▶ WORK ORDER
When you return the data, keep every word exact and include none of the images.

▶ INPUT
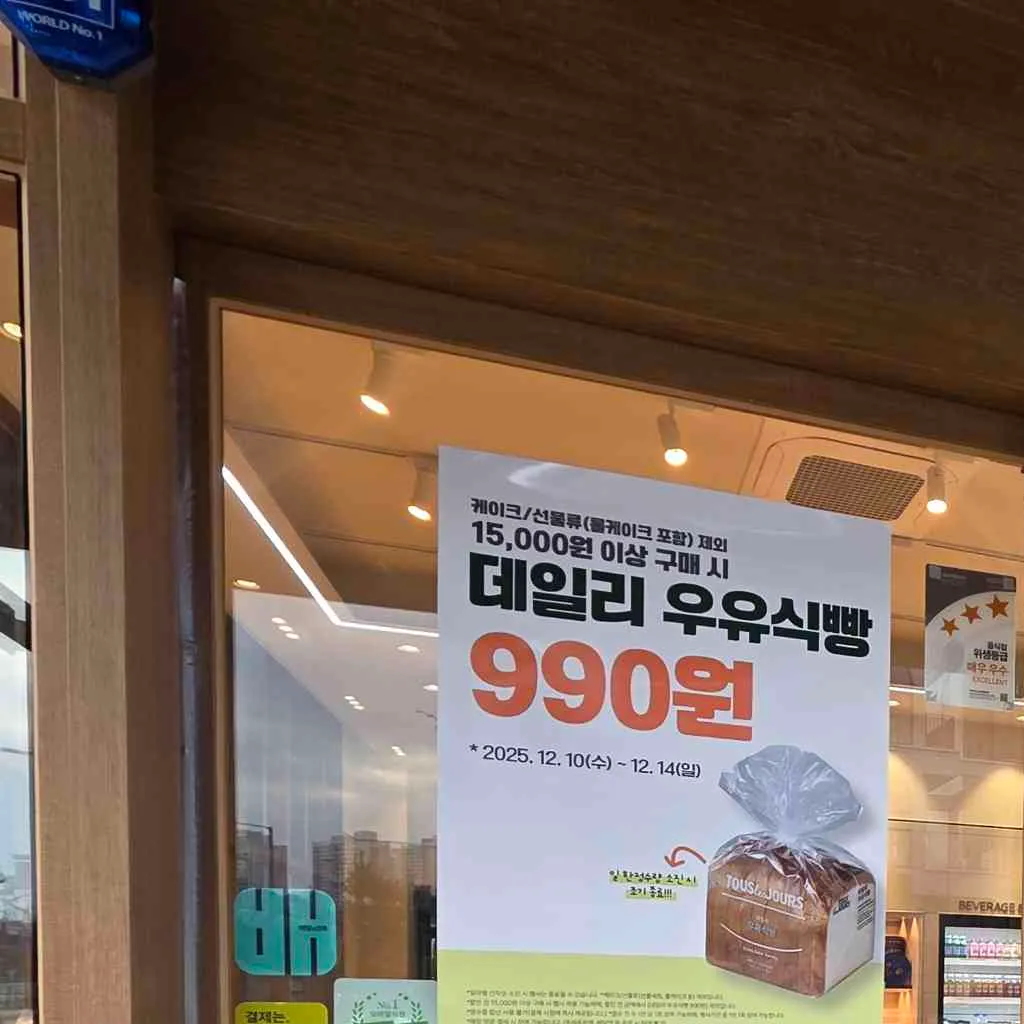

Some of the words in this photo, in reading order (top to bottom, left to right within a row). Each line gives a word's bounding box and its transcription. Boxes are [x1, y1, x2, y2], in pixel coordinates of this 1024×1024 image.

[17, 9, 70, 30] WORLD
[472, 521, 593, 560] 15,000원
[600, 541, 648, 567] 이상
[655, 549, 700, 575] 구매
[707, 558, 729, 579] 시
[656, 527, 693, 548] 포함)
[698, 535, 728, 552] 제외
[469, 552, 644, 627] 데일리
[663, 582, 873, 658] 우유식빵
[974, 648, 1008, 662] 위생등급
[967, 662, 987, 676] 매우
[990, 663, 1009, 677] 우수
[470, 632, 753, 742] 990원
[483, 746, 533, 765] 2025.
[538, 751, 561, 768] 12.
[566, 752, 612, 771] 10(수)
[631, 758, 654, 774] 12.
[657, 760, 701, 779] 14(일)
[958, 901, 1016, 914] BEVERAGE

▶ EXERCISE ANSWER
Some of the words in this photo, in reading order (top to bottom, left to right within a row). Each line gives a word's bounding box and its transcription. Boxes are [x1, y1, x2, y2], in pixel coordinates of this 1024×1024 image.

[17, 9, 70, 30] WORLD
[472, 521, 593, 560] 15,000원
[600, 541, 648, 567] 이상
[655, 549, 700, 575] 구매
[707, 558, 729, 579] 시
[656, 527, 693, 548] 포함)
[698, 535, 728, 552] 제외
[469, 552, 644, 627] 데일리
[663, 582, 873, 658] 우유식빵
[974, 648, 1008, 662] 위생등급
[967, 662, 987, 676] 매우
[990, 663, 1009, 677] 우수
[470, 632, 753, 742] 990원
[483, 746, 533, 765] 2025.
[538, 751, 561, 768] 12.
[566, 752, 612, 771] 10(수)
[631, 758, 654, 774] 12.
[657, 760, 701, 779] 14(일)
[958, 901, 1016, 914] BEVERAGE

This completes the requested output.